(Source records Opens)

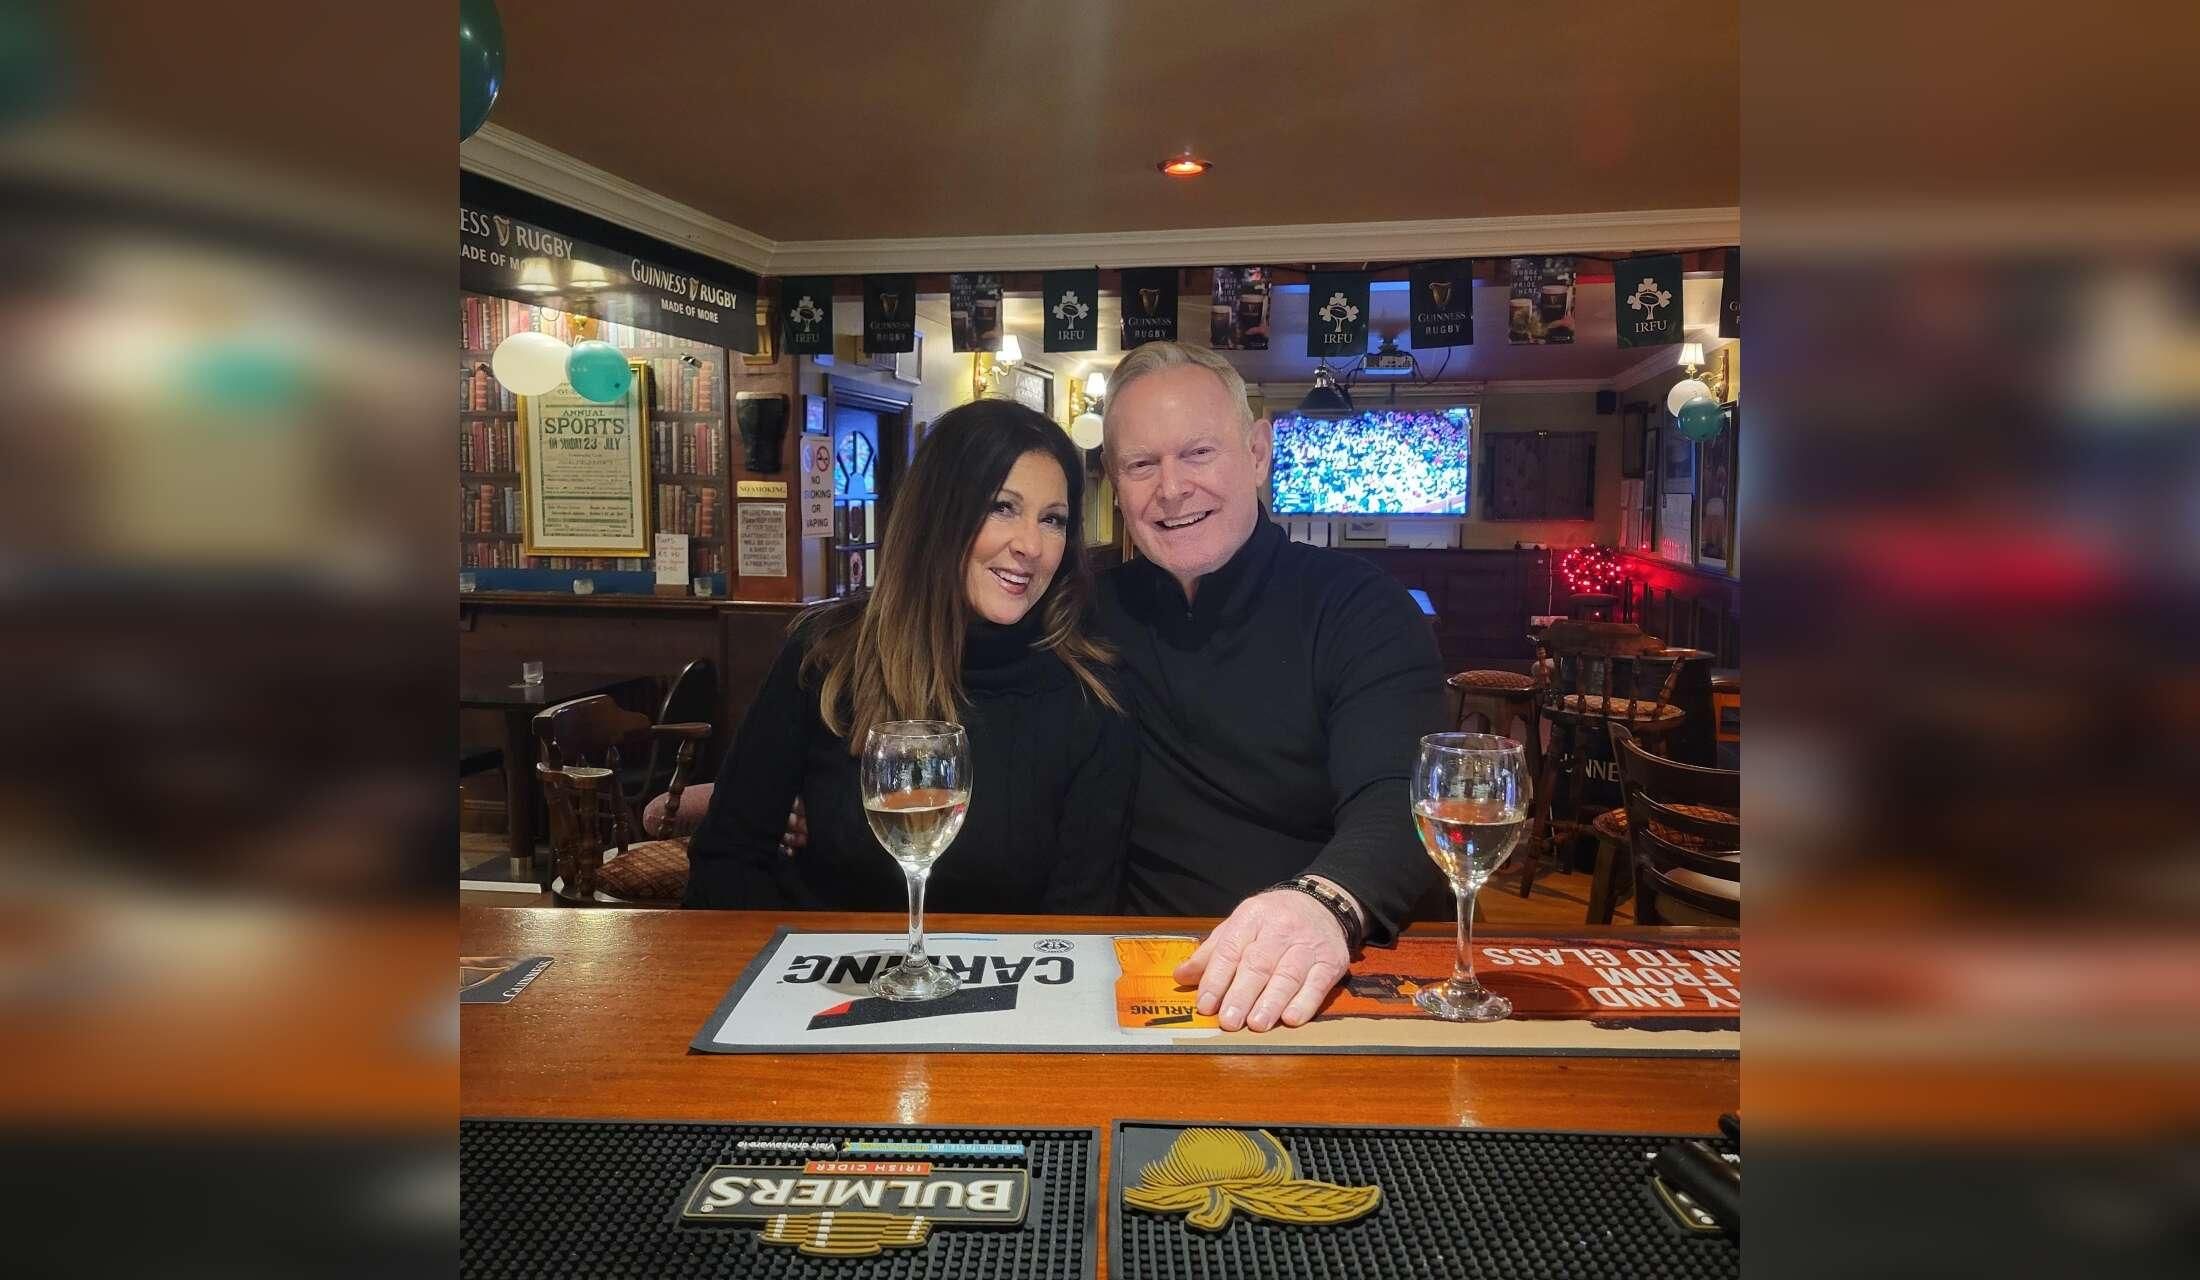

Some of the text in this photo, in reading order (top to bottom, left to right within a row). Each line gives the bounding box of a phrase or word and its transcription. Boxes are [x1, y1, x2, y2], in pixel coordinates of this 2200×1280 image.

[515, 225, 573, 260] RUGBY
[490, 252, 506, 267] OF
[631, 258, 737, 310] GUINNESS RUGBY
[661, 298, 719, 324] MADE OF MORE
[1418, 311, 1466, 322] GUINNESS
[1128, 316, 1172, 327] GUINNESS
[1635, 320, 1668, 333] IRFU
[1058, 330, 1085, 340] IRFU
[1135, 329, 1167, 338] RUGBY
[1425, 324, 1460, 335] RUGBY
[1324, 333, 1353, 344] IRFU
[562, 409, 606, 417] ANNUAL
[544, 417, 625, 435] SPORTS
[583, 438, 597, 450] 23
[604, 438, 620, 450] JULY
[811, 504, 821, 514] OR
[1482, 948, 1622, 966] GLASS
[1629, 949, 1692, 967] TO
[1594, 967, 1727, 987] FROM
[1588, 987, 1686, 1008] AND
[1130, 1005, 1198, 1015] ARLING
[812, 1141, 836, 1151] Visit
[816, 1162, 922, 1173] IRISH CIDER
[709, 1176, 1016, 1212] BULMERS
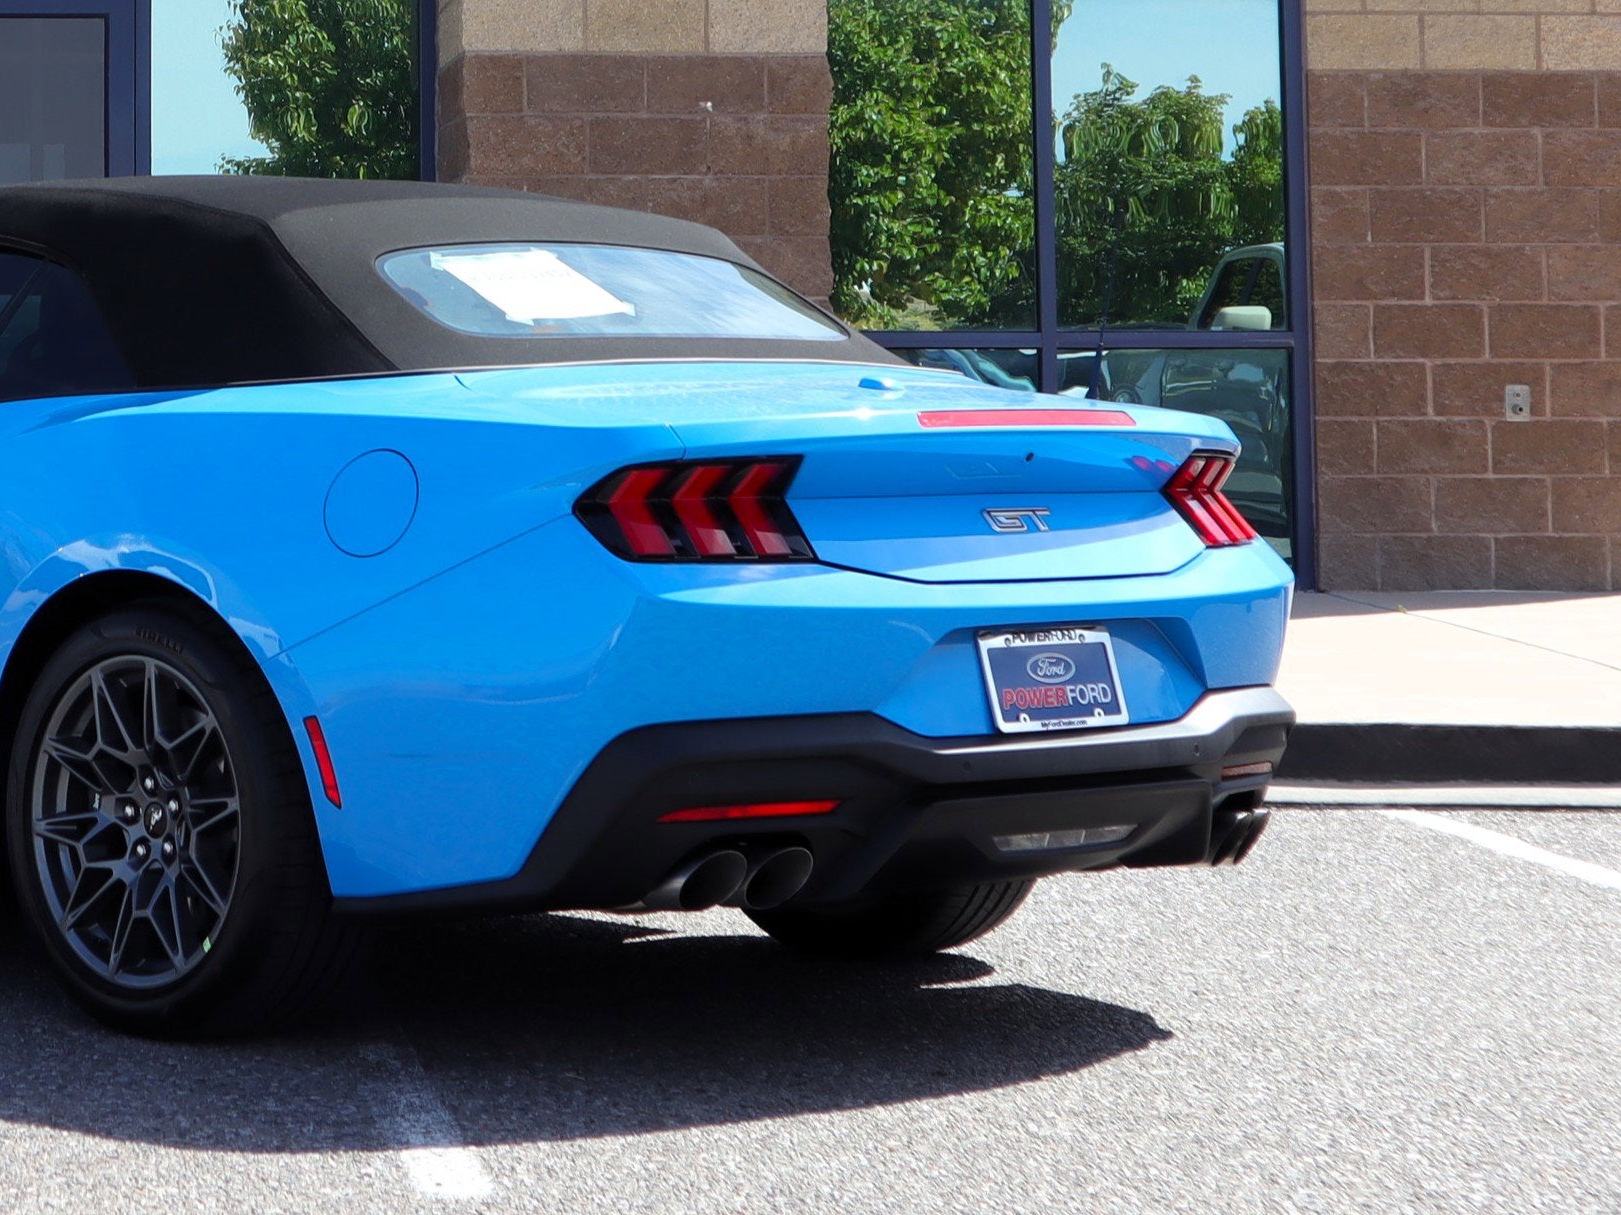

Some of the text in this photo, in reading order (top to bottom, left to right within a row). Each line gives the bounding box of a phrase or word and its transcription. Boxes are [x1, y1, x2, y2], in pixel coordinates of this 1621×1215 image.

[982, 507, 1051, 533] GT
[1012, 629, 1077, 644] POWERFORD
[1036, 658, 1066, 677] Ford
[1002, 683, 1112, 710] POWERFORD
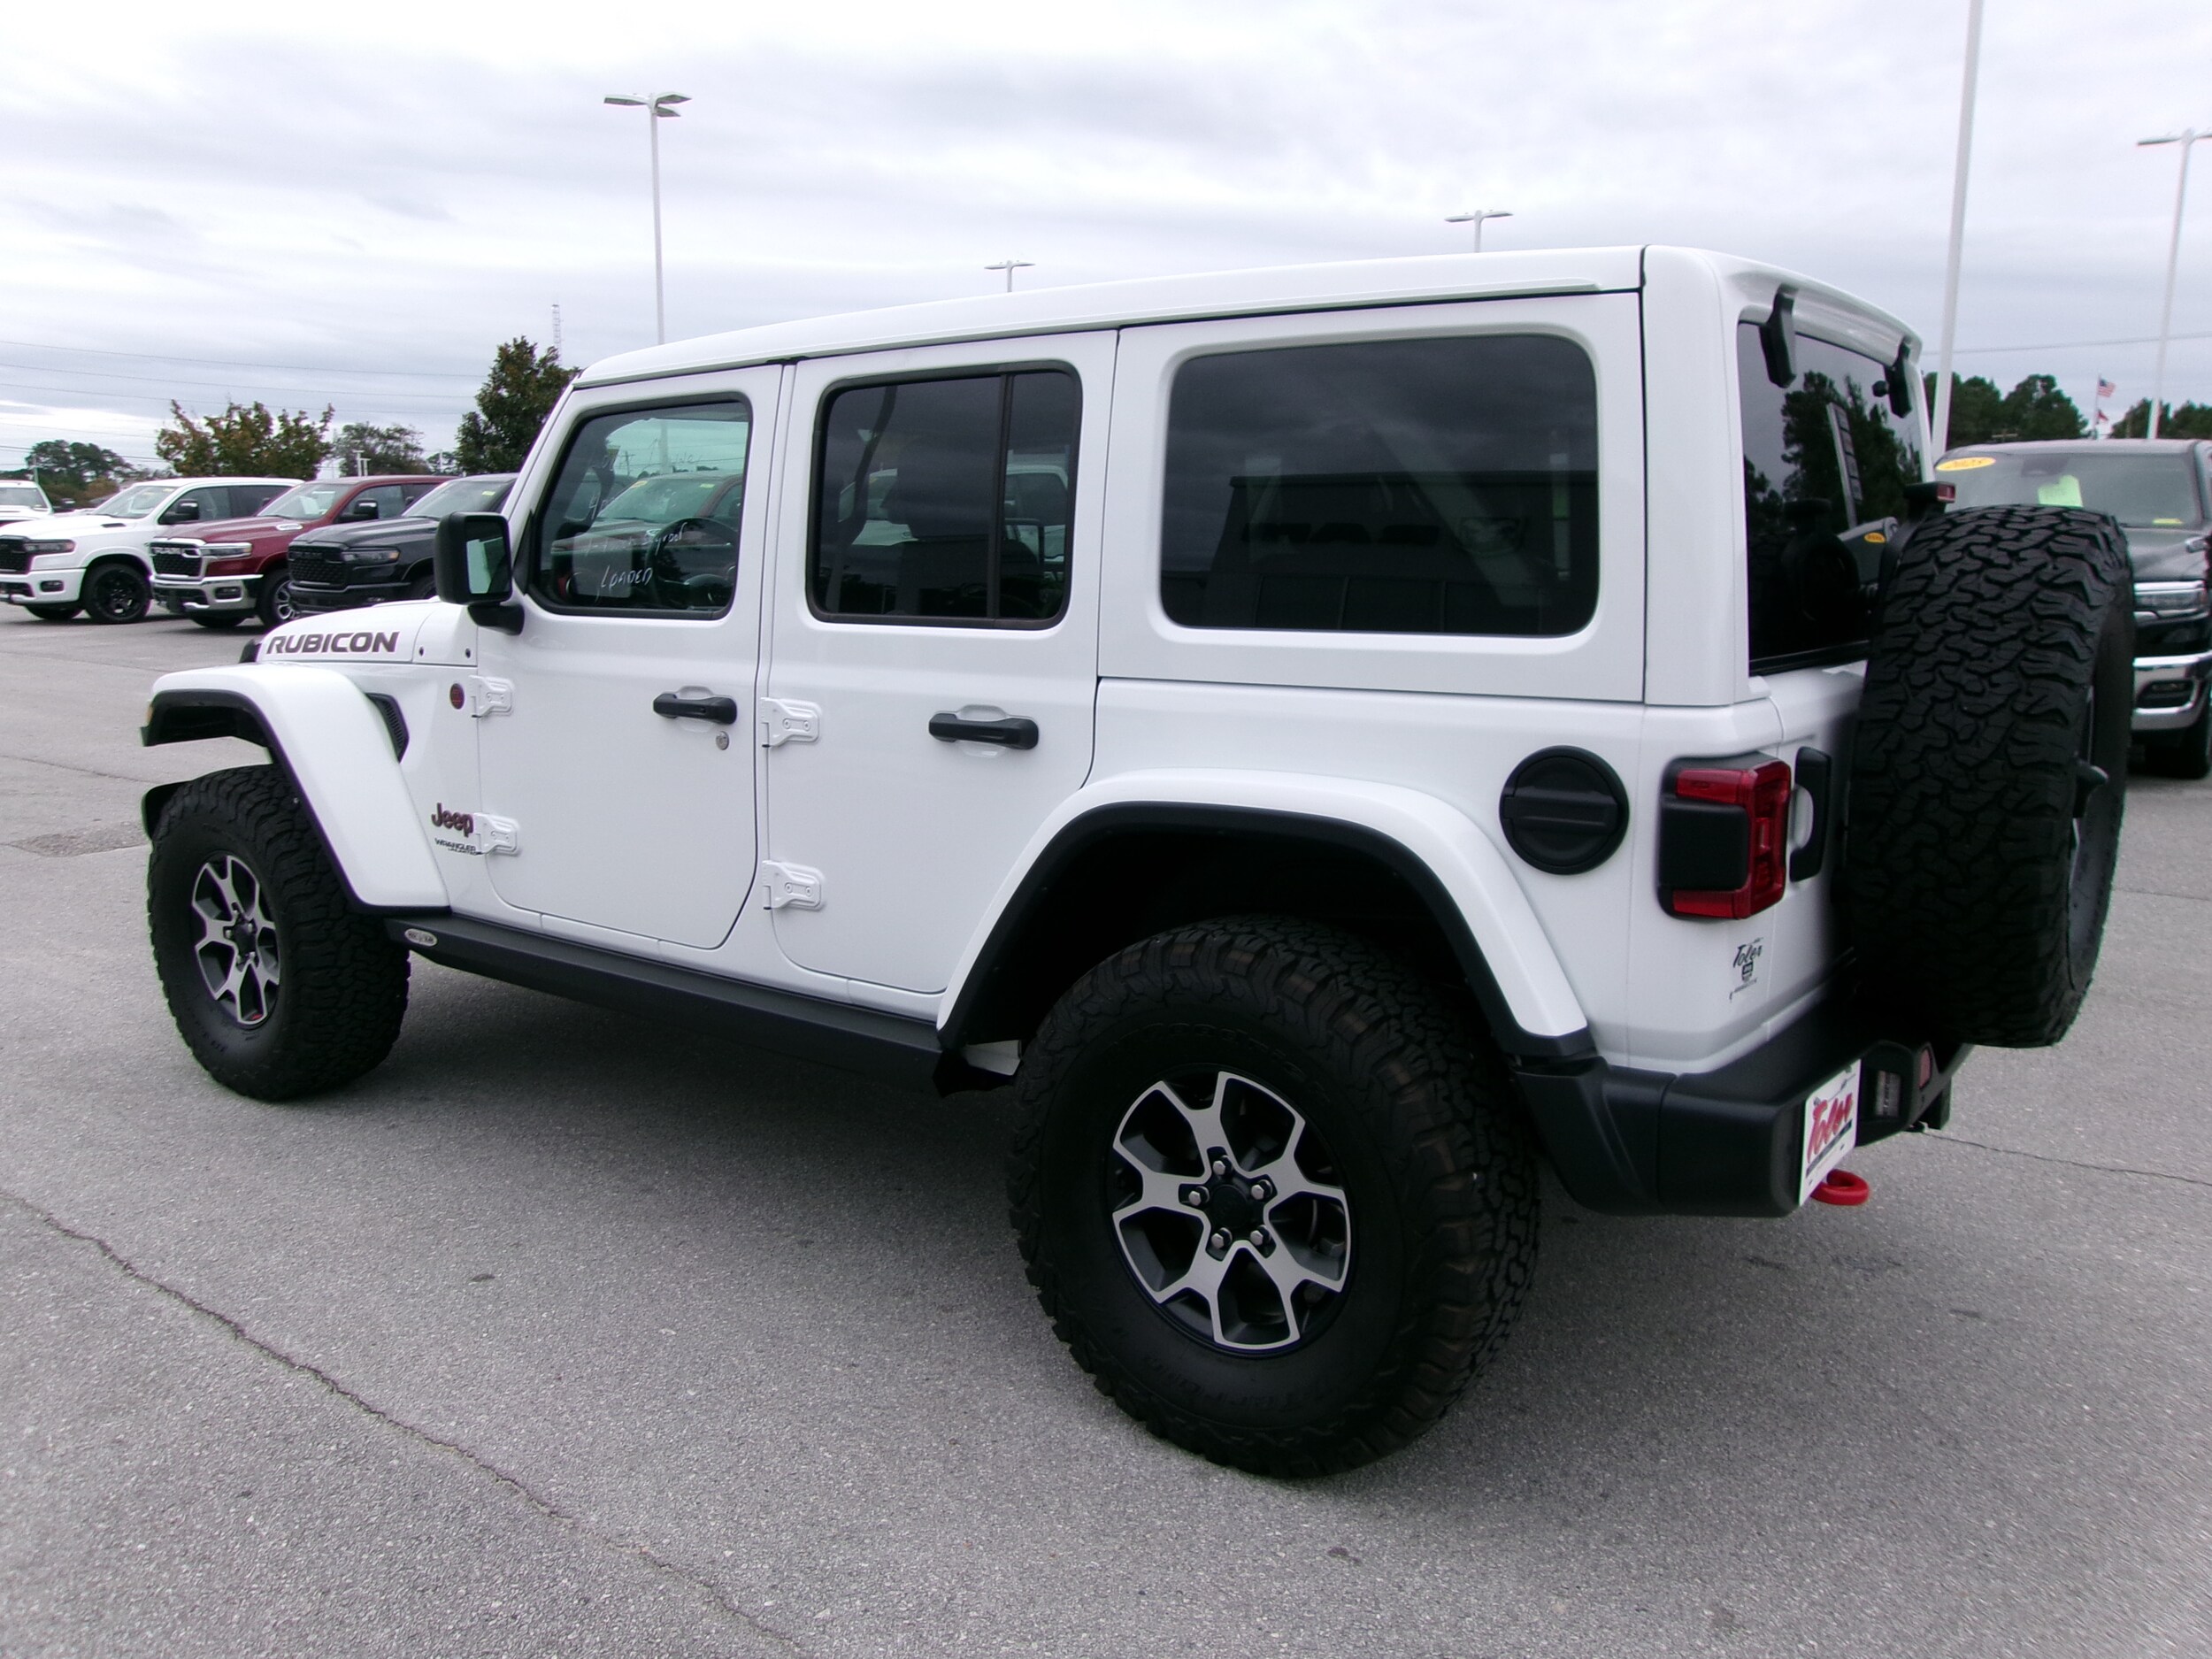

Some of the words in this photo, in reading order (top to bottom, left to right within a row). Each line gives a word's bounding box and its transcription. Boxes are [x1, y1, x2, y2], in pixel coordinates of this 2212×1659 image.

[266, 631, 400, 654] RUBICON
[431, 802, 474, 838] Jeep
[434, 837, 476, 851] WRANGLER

(Source records Closes)

— Aim of the exercise —
Each line of the data above should be reproduced without alteration, and no picture should appear in the copy.

— Answer for this exercise —
Some of the text in this photo, in reading order (top to bottom, left to right within a row). Each line gives the bounding box of a phrase or word and its transcription. Boxes are [x1, y1, x2, y2], in pixel coordinates of this 2200×1280 image.

[515, 225, 573, 260] RUGBY
[490, 252, 506, 267] OF
[631, 258, 737, 310] GUINNESS RUGBY
[661, 298, 719, 324] MADE OF MORE
[1418, 311, 1466, 322] GUINNESS
[1128, 316, 1172, 327] GUINNESS
[1635, 320, 1668, 333] IRFU
[1058, 330, 1085, 340] IRFU
[1135, 329, 1167, 338] RUGBY
[1425, 324, 1460, 335] RUGBY
[1324, 333, 1353, 344] IRFU
[562, 409, 606, 417] ANNUAL
[544, 417, 625, 435] SPORTS
[583, 438, 597, 450] 23
[604, 438, 620, 450] JULY
[811, 504, 821, 514] OR
[1482, 948, 1622, 966] GLASS
[1629, 949, 1692, 967] TO
[1594, 967, 1727, 987] FROM
[1588, 987, 1686, 1008] AND
[1130, 1005, 1198, 1015] ARLING
[812, 1141, 836, 1151] Visit
[816, 1162, 922, 1173] IRISH CIDER
[709, 1176, 1016, 1212] BULMERS

Some of the text in this photo, in reading order (top to bottom, left to right within a row). Each line gives the bounding box of a phrase or word and its transcription. Boxes are [x1, y1, x2, y2], in pixel coordinates of this 1621×1215 image.

[982, 507, 1051, 533] GT
[1012, 629, 1077, 644] POWERFORD
[1036, 658, 1066, 677] Ford
[1002, 683, 1112, 710] POWERFORD

Some of the words in this photo, in reading order (top to bottom, left to right within a row). Each line gives a word's bounding box and its transcription. Boxes are [x1, y1, x2, y2], in pixel coordinates of this 2212×1659 image.

[266, 631, 400, 654] RUBICON
[431, 802, 474, 838] Jeep
[434, 837, 476, 851] WRANGLER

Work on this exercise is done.